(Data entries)
☆ ☆ ☆ ☆ ☆ ☆ ☆

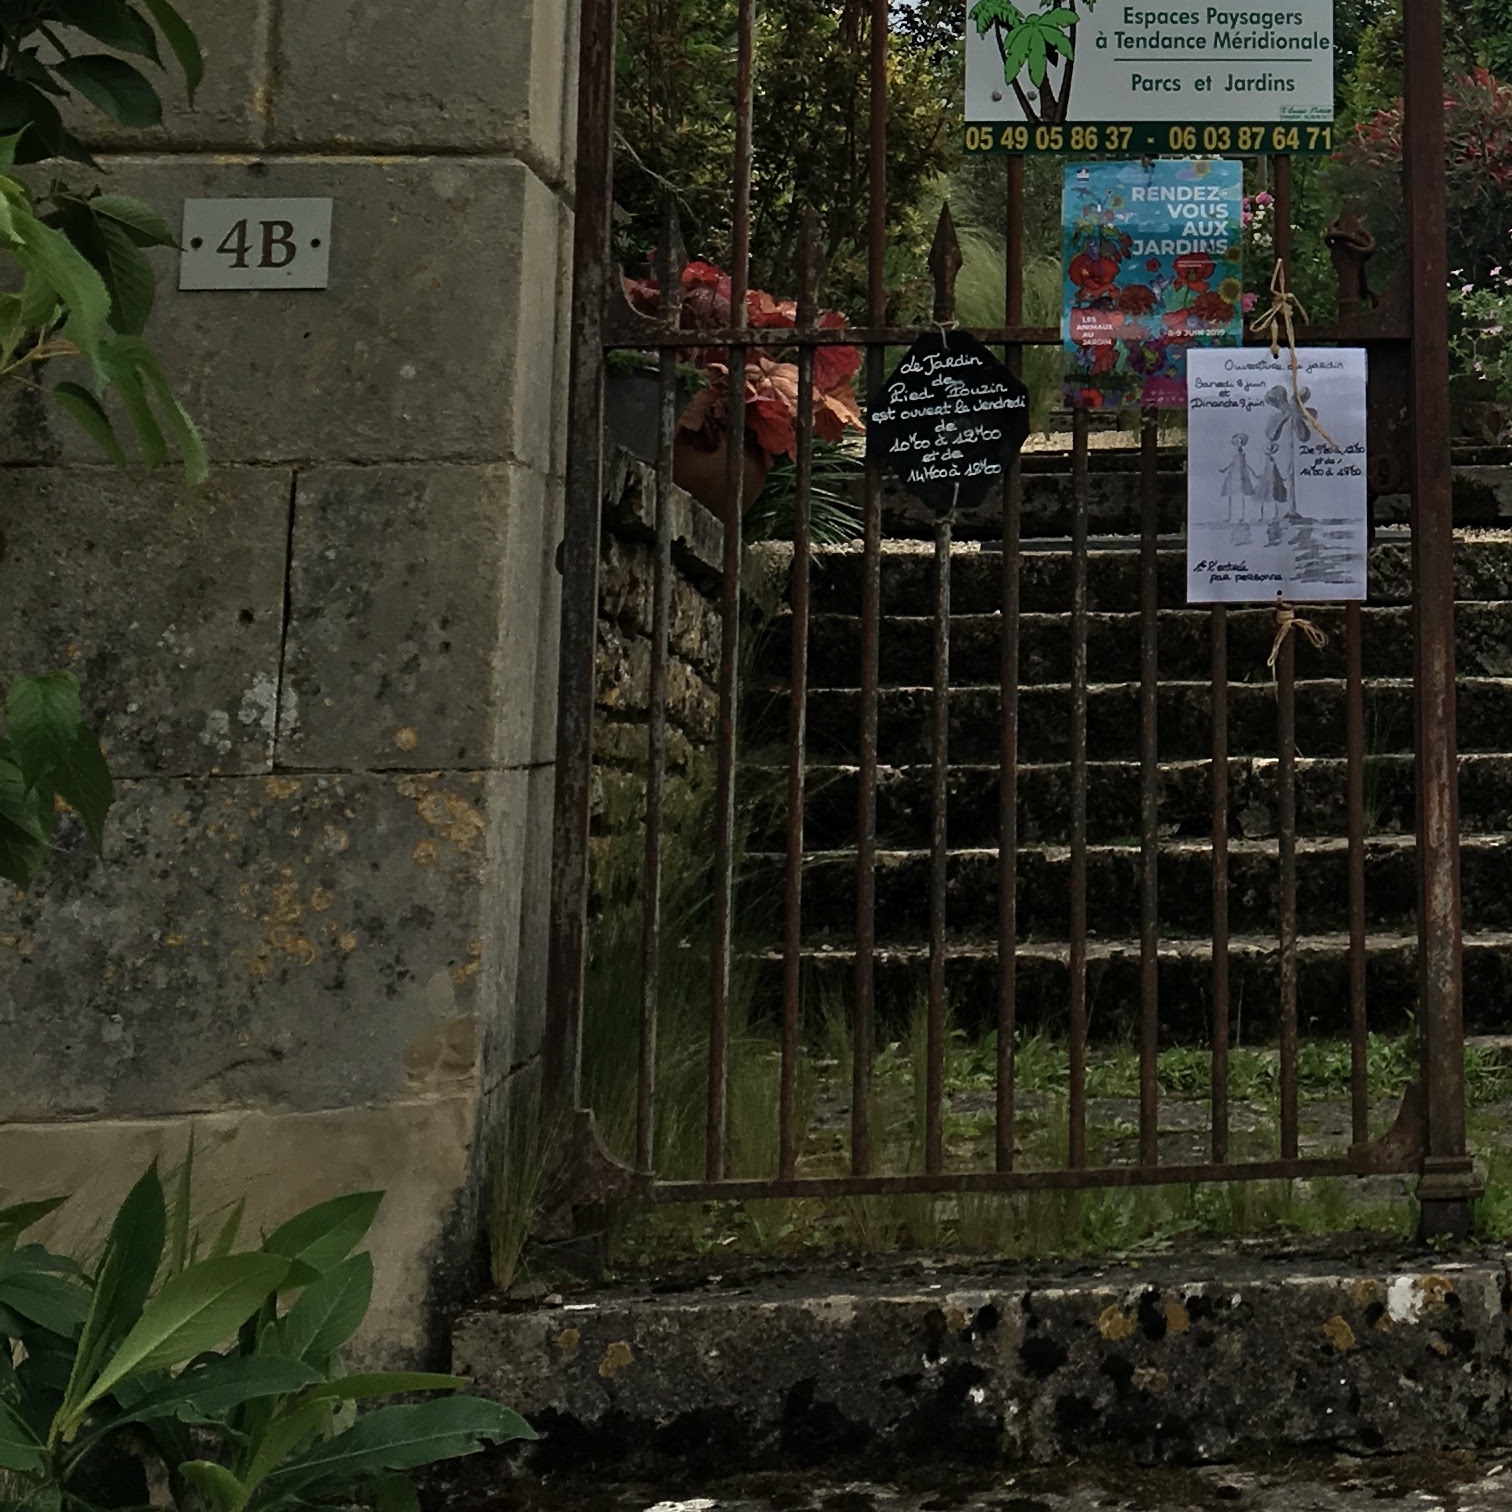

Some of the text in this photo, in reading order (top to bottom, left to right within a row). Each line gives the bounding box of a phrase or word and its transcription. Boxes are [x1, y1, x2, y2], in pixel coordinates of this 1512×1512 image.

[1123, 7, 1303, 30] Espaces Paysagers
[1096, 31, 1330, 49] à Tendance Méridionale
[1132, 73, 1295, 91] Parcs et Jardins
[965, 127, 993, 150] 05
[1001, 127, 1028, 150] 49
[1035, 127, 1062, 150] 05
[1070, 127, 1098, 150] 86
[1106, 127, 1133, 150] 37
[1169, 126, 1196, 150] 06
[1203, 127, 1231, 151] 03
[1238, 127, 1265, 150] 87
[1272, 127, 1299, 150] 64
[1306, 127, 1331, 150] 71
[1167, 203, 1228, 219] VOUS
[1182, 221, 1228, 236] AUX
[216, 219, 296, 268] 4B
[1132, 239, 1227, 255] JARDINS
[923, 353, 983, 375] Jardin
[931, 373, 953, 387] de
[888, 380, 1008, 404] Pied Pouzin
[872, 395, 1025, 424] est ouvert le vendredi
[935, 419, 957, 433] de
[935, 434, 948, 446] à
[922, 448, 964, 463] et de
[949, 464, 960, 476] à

☆ ☆ ☆ ☆ ☆ ☆ ☆

— What to do —
Quote all the records verbatim, dropping any pictures from your copy.

— Result of the exercise —
Some of the text in this photo, in reading order (top to bottom, left to right within a row). Each line gives the bounding box of a phrase or word and its transcription. Boxes are [x1, y1, x2, y2], in pixel coordinates of this 1512×1512 image.

[1123, 7, 1303, 30] Espaces Paysagers
[1096, 31, 1330, 49] à Tendance Méridionale
[1132, 73, 1295, 91] Parcs et Jardins
[965, 127, 993, 150] 05
[1001, 127, 1028, 150] 49
[1035, 127, 1062, 150] 05
[1070, 127, 1098, 150] 86
[1106, 127, 1133, 150] 37
[1169, 126, 1196, 150] 06
[1203, 127, 1231, 151] 03
[1238, 127, 1265, 150] 87
[1272, 127, 1299, 150] 64
[1306, 127, 1331, 150] 71
[1167, 203, 1228, 219] VOUS
[1182, 221, 1228, 236] AUX
[216, 219, 296, 268] 4B
[1132, 239, 1227, 255] JARDINS
[923, 353, 983, 375] Jardin
[931, 373, 953, 387] de
[888, 380, 1008, 404] Pied Pouzin
[872, 395, 1025, 424] est ouvert le vendredi
[935, 419, 957, 433] de
[935, 434, 948, 446] à
[922, 448, 964, 463] et de
[949, 464, 960, 476] à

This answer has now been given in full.